Le sorgenti erano poste nella valle dell'Aniene, presso l'odierna Arsoli;
dopo un percorso di 69 km, in gran parte fiancheggiando gli altri grandi
acquedotti romani (Acqua Marcia, Anio Vetus e Novus), giunge a Porta
Maggiore. Qui le sue acque venivano mescolate con quelle dell'Anio
Novus e quindi distribuiti, attraverso una fitta rete in tutta Roma.
A sud di Porta Maggiore ancora oggi possiamo ammirare una importante
diramazione dell'acquedotto, voluta da Nerone, per portare l'acqua alla
Domus Aurea, presso il Colosseo.
Anio Novus
Iniziato da Caligola nel 38 d.C. e terminato, insieme all'acquedotto Claudio
nel 52 d.C., prendeva l'acqua direttamente dal fiume Aniene, da cui il
nome, all'altezza di Agosta, nei pressi di Subiaco.

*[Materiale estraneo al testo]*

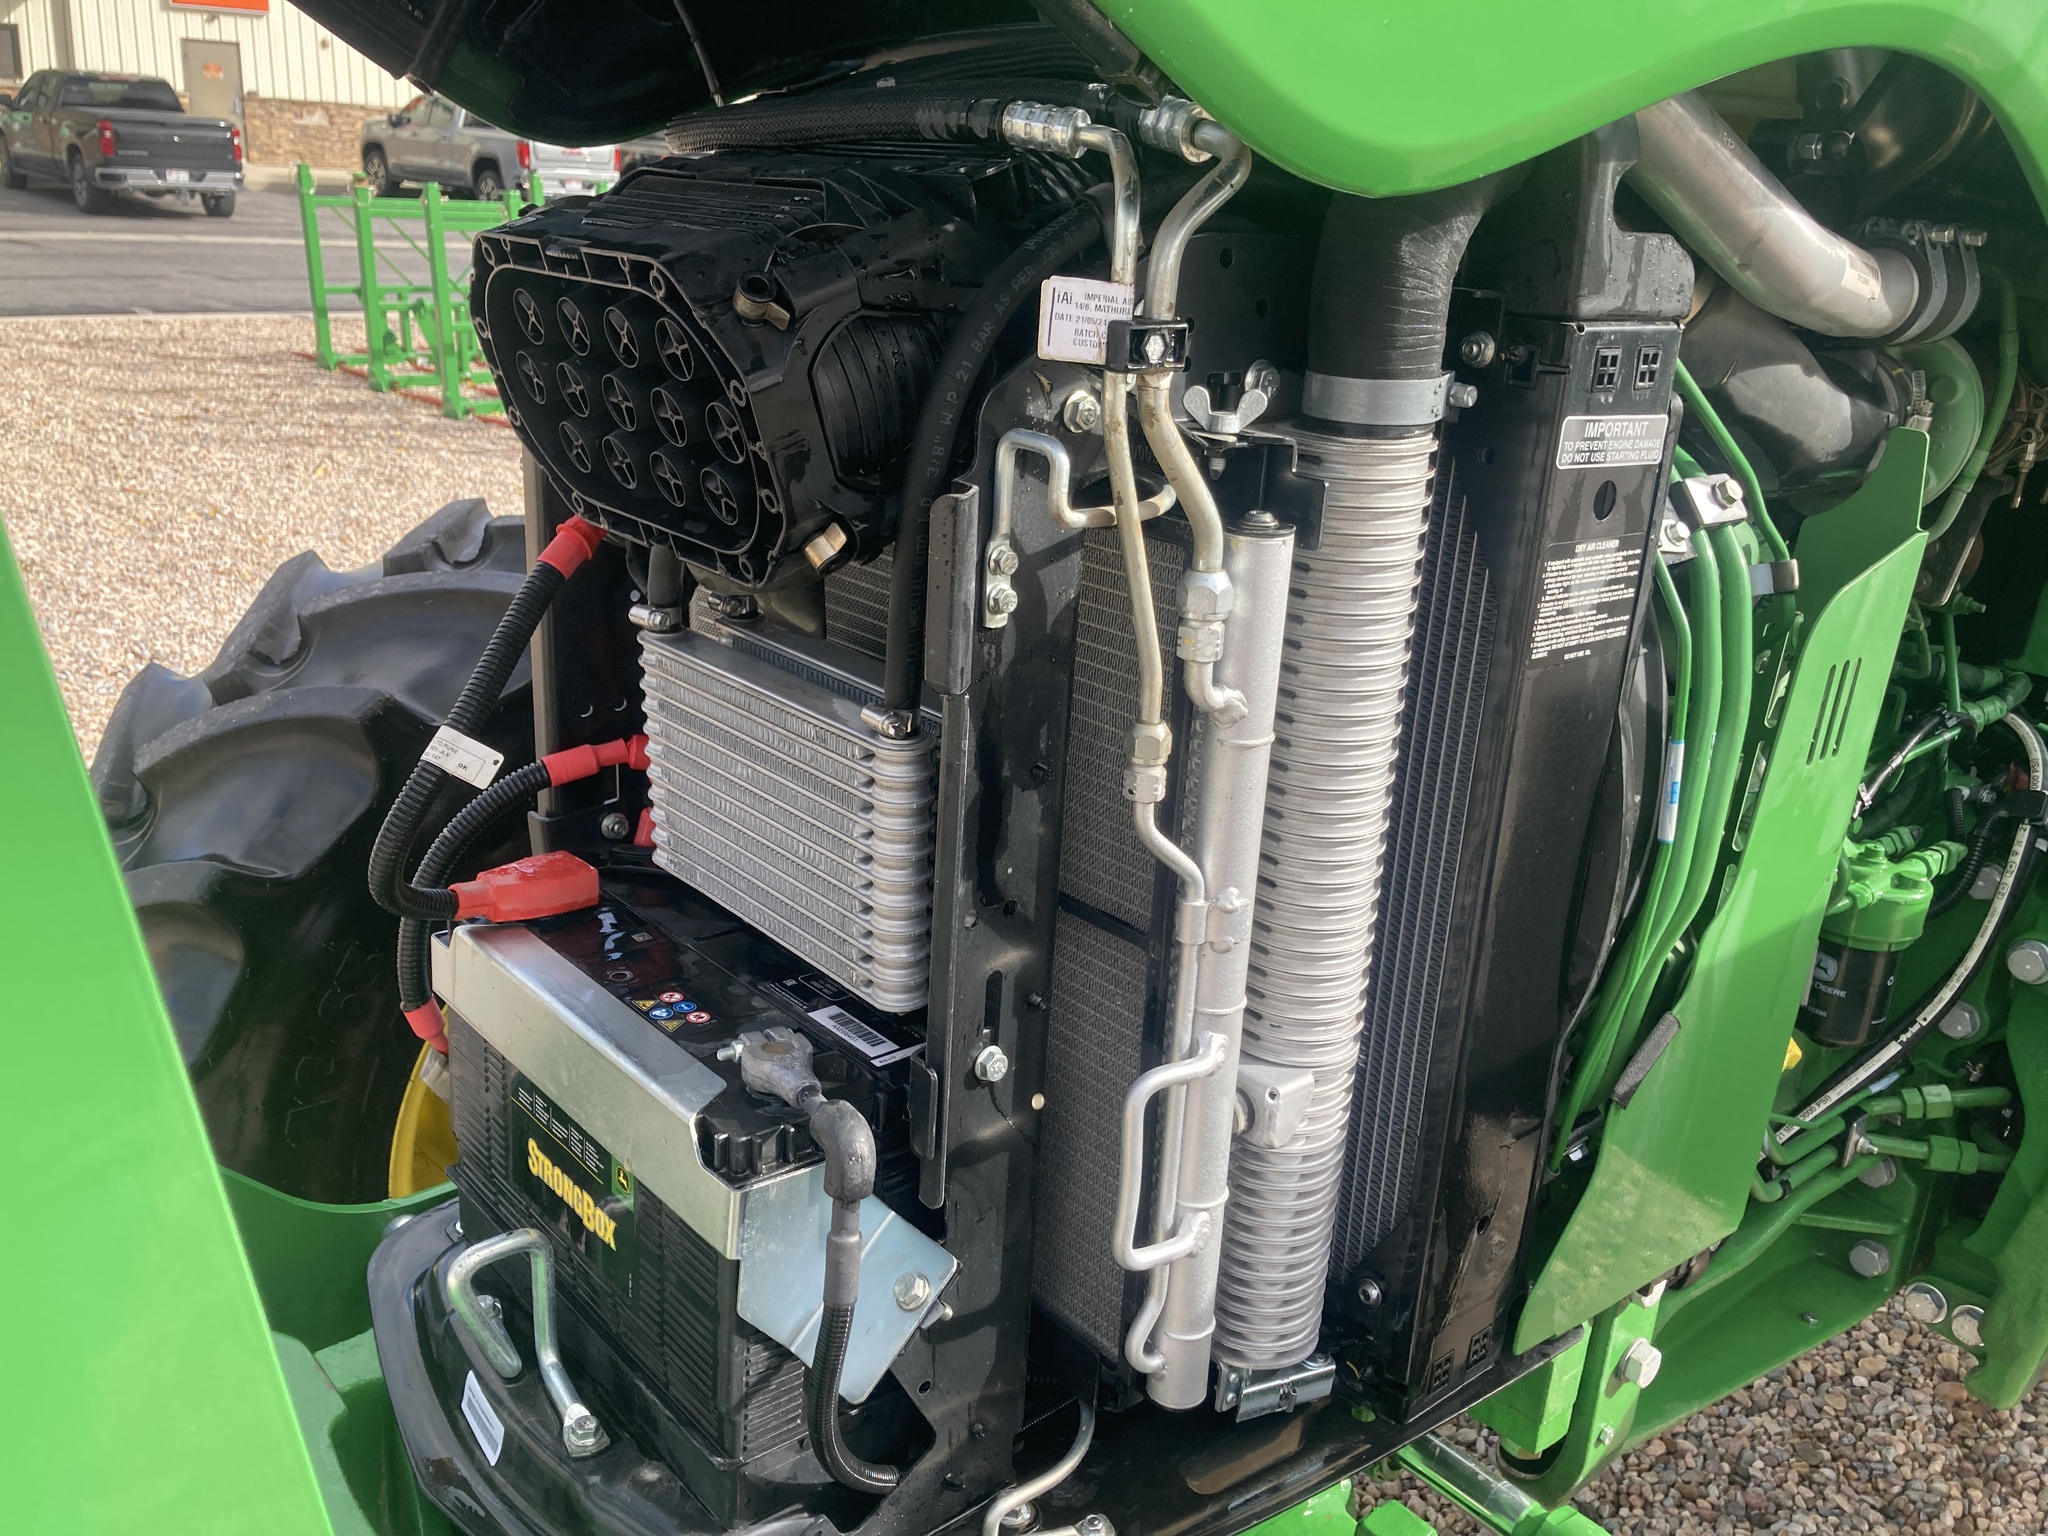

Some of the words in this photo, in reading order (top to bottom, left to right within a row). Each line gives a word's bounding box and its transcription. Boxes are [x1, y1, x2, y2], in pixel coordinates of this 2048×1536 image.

[1084, 292, 1119, 305] IMPERIAL
[970, 321, 995, 353] BAR
[1010, 265, 1036, 292] PER
[1094, 304, 1131, 316] MATHURA
[1054, 312, 1073, 323] DATE
[1074, 328, 1100, 340] BATCH
[1584, 421, 1649, 438] IMPORTANT
[1564, 441, 1574, 451] TO
[1574, 440, 1608, 451] PREVENT
[1608, 439, 1633, 450] ENGINE
[1634, 438, 1661, 449] DAMAGE
[1561, 453, 1573, 463] DO
[1573, 452, 1590, 463] NOT
[1590, 452, 1606, 462] USE
[1606, 450, 1640, 461] STARTING
[1640, 449, 1659, 460] FLUID
[1575, 544, 1587, 553] DRY
[1596, 539, 1620, 550] CLEANER
[458, 763, 469, 771] OK
[2031, 775, 2040, 790] 000
[1814, 981, 1847, 998] DEERE
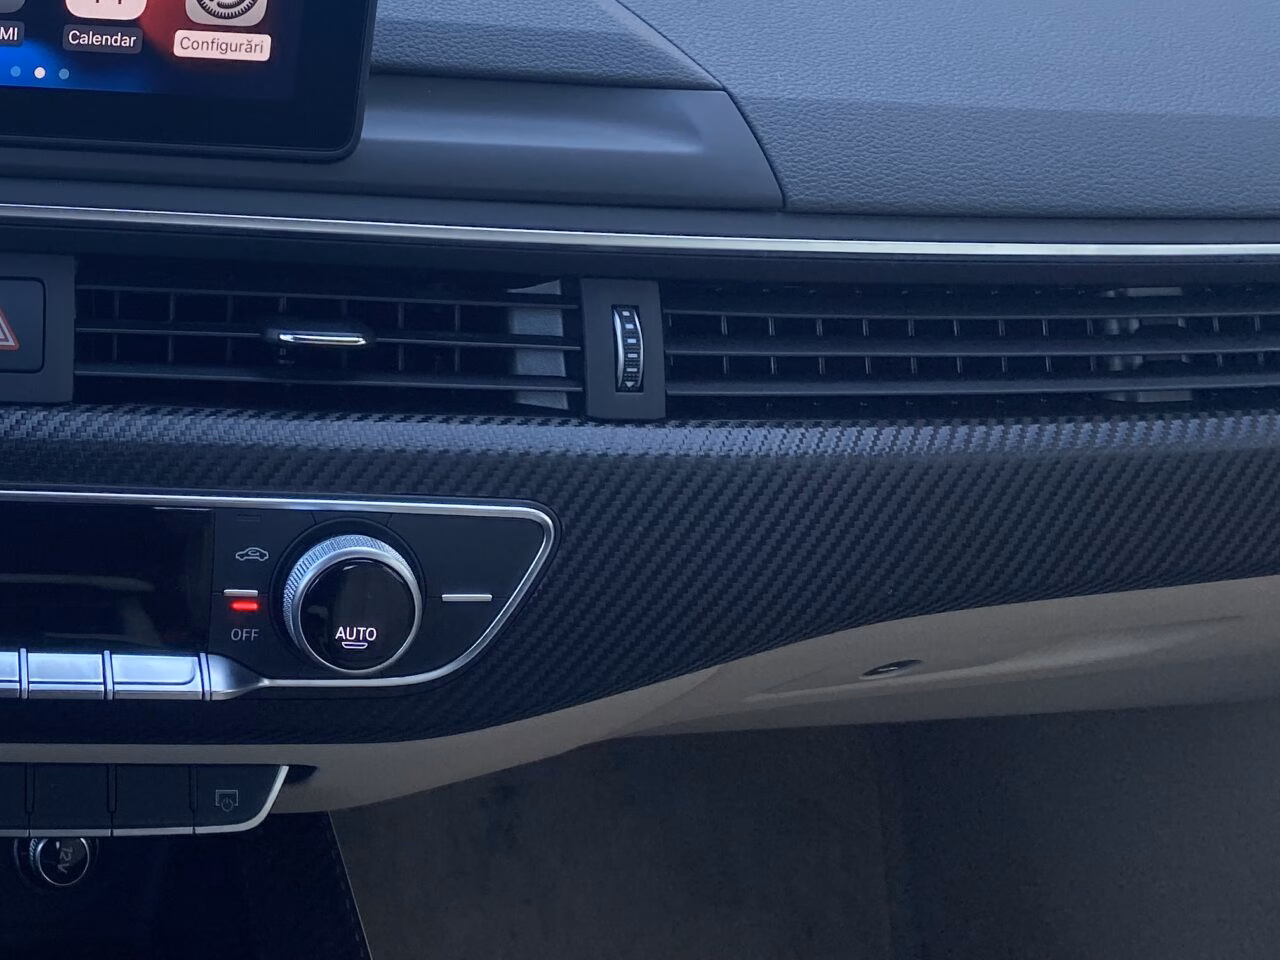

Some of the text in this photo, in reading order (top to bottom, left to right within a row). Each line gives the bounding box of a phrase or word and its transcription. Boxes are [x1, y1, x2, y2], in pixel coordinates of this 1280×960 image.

[67, 30, 137, 48] Calendar
[179, 35, 265, 55] Configurări
[230, 628, 260, 641] OFF
[335, 626, 377, 641] AUTO
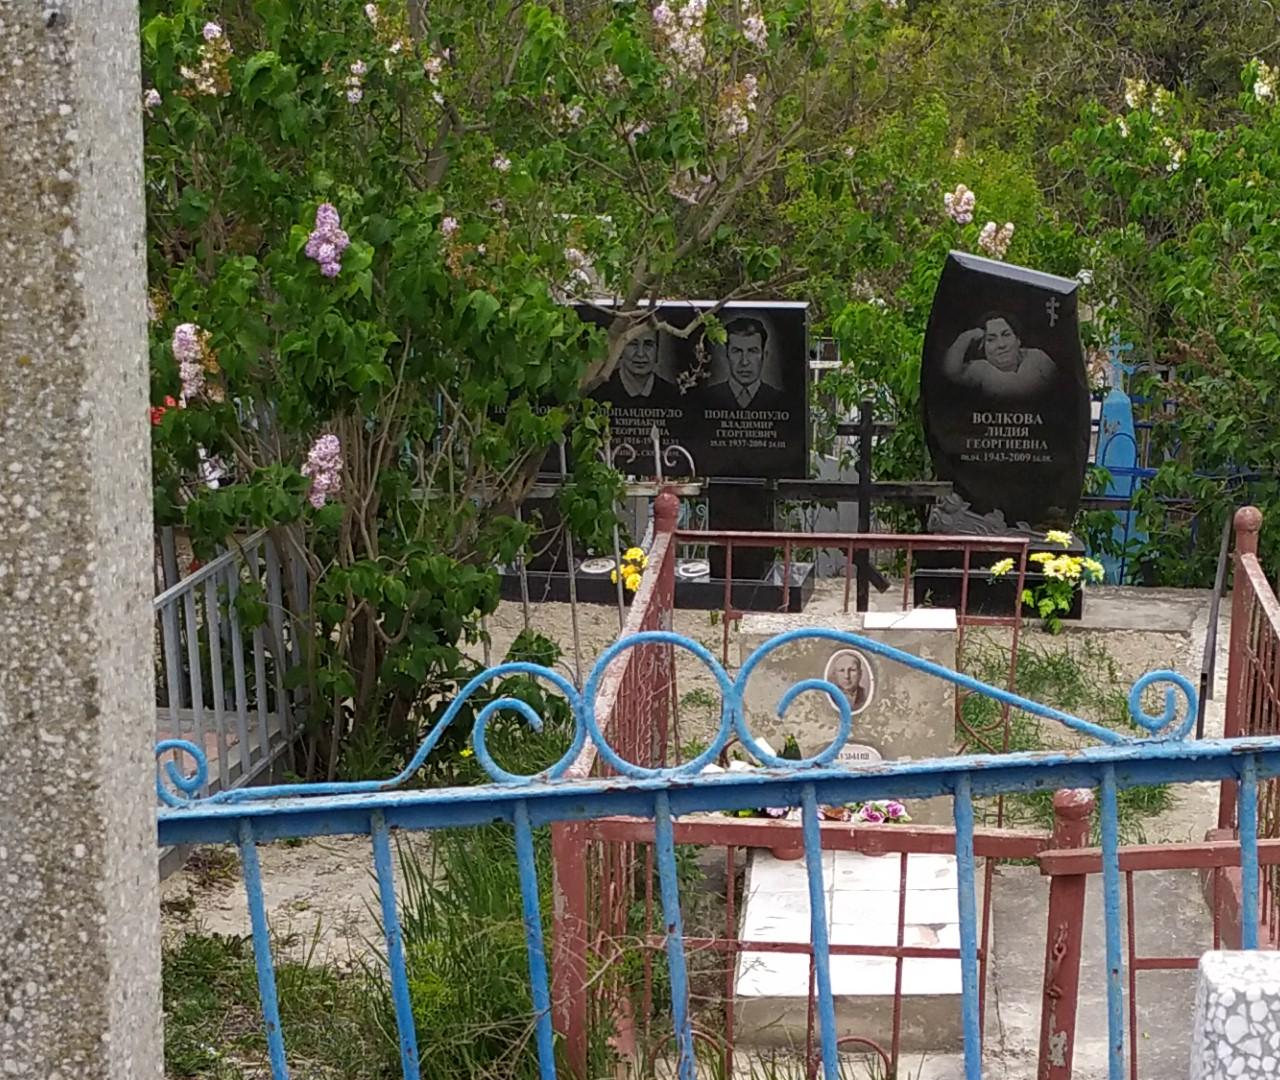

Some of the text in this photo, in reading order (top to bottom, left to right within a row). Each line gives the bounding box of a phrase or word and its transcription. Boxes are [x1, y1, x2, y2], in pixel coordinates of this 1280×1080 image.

[972, 412, 1044, 425] ВОЛКОВА
[984, 426, 1029, 437] ЛИДИЯ
[966, 438, 1048, 450] ГЕОРГИЕВНА
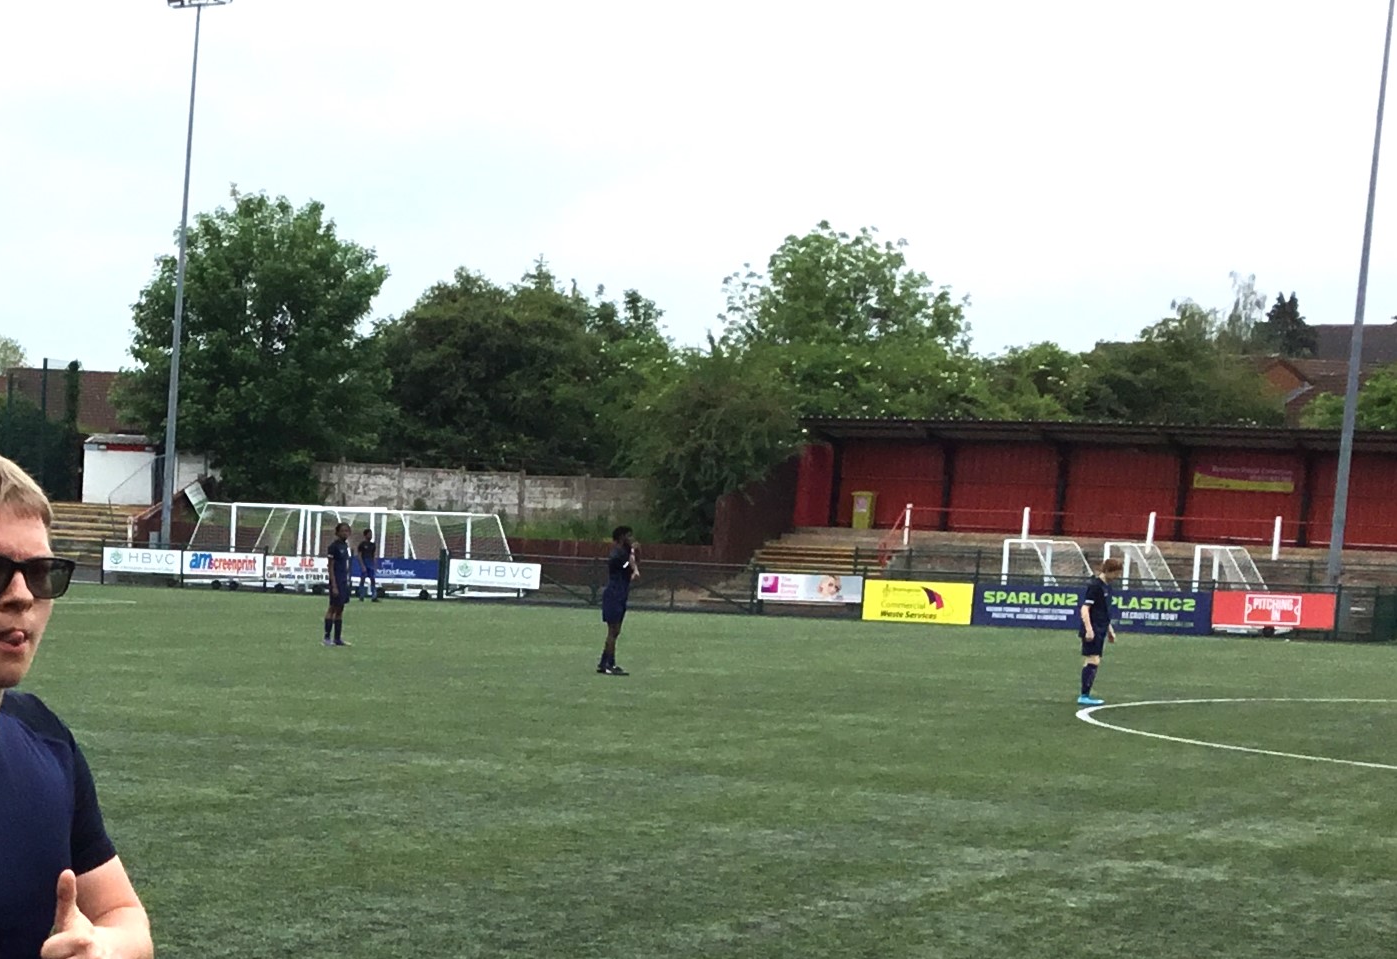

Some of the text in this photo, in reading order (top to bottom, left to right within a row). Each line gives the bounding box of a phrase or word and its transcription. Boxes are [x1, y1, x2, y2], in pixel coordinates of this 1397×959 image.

[128, 551, 175, 565] HBVC
[479, 565, 532, 580] HBVC
[1253, 598, 1293, 611] PITCHING
[881, 610, 937, 620] Waste Services
[1271, 609, 1281, 621] IN
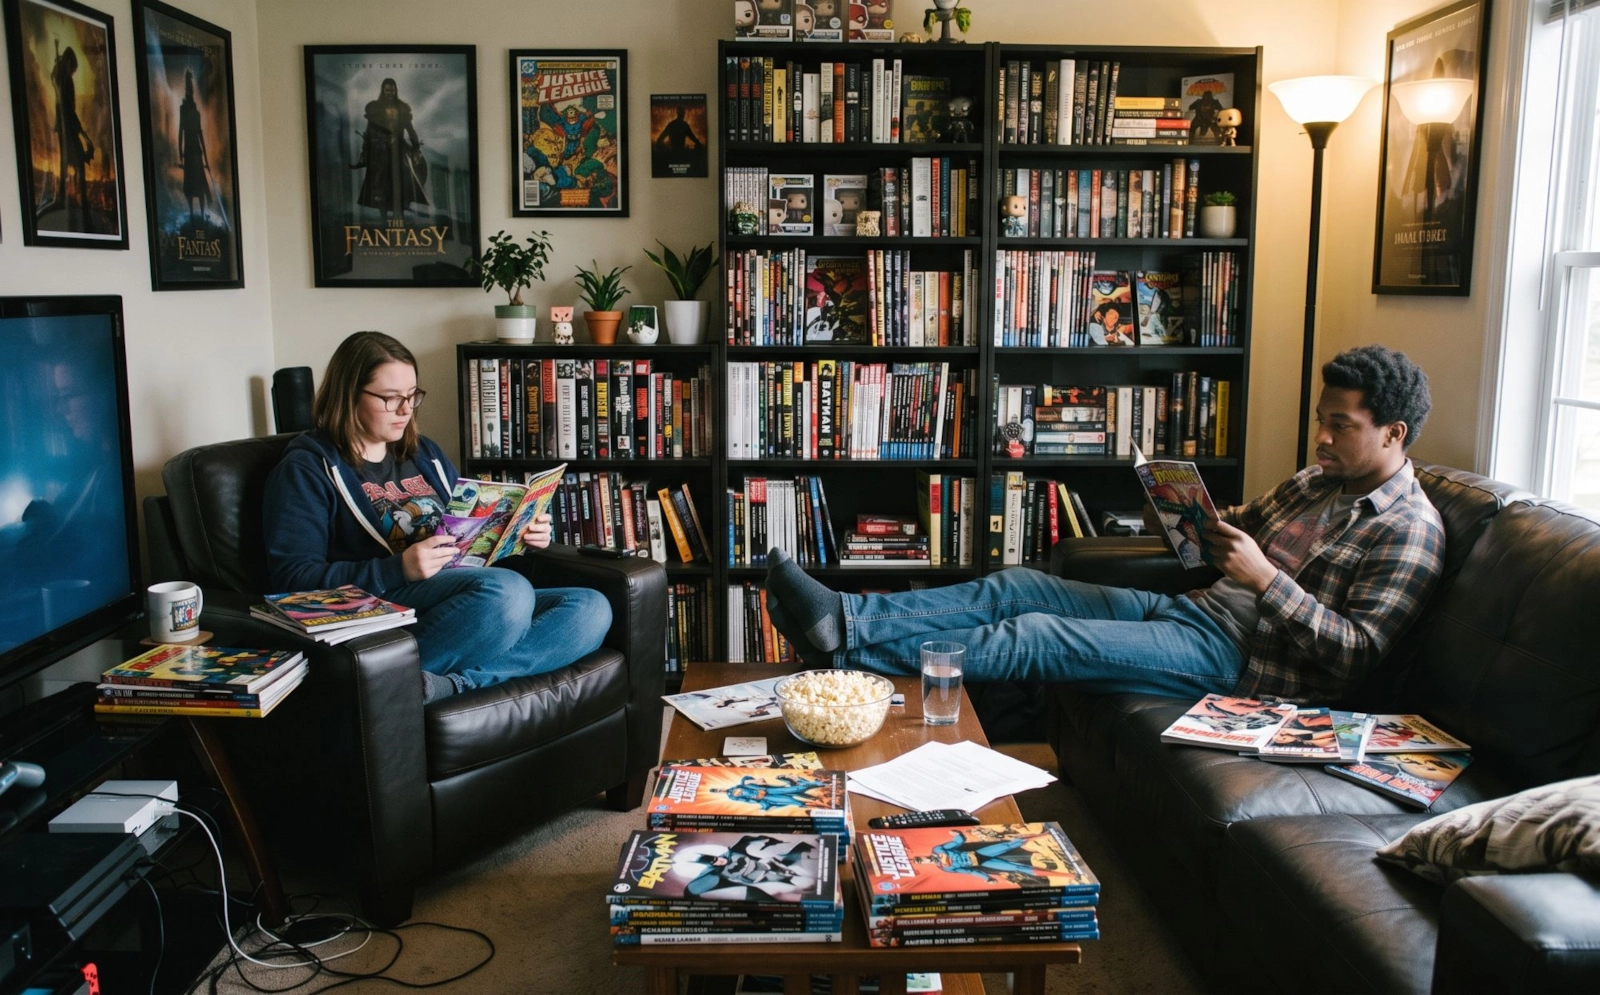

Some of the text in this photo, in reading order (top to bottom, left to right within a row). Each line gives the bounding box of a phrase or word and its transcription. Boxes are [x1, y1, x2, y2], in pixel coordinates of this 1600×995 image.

E' senza dubbio l'opera piu' imponente dell'architettura idraulica romana;
87 km di cui 14 su arcuazioni, una portata di 200.000 metri cubi al giorno
ed il maggior livello rispetto al suolo all'arrivo a Porta Maggiore che
permetteva la distribuzione
dell'acqua anche alle zone piu' alte della citta'.
Traiano
Edificato da Traiano nel 109 d.C. allo scopo di portare acqua a Trastevere,
convoglia a Roma le acque che scaturiscono lungo le pendici del lago
Sabatino (Bracciano). Un castello di distribuzione dell'acquedotto, che
entrava a Roma dal
Gianicolo, è stato rinvenuto nel 1850, nella villa Lais, presso porta S.
Pancrazio; sui tubi erano annotati i nomi degli utenti, tra cui l'imperatore
Traiano stesso.
Alessandrino
Edificato da Settimio Severo nel 226 d.C.; le sorgenti erano ubicate presso
Colonna, nella tenuta detta di Pantano. Molti resti rimangono lungo il suo
percorso, che attraversava la valle dell'Osa, Torre Angela, Tor Bella
Monaca, Tor Tre Teste ed il fosso di Centocelle.
Cloaca Massima
Il più grande dei collettori romani ancora funzionante, la Cloaca Maxima ebbe origine
dalla canalizzazione di un corso di acque di scolo che dal Foro Romano si dirigeva verso
il "vicus Tuscus", seguiva un percorso serpeggiante attraverso il Velabro, il Foro Boario e,
dopo aver disegnato un'ampia curva, andava a sboccare nel Tevere all'altezza di Ponte
Emilio.
Generalmente la tradizione mette in collegamento la realizzazione del tratto iniziale della
Cloaca con la bonifica della valle del Foro Romano attuata dalla famiglia dei Tarquini.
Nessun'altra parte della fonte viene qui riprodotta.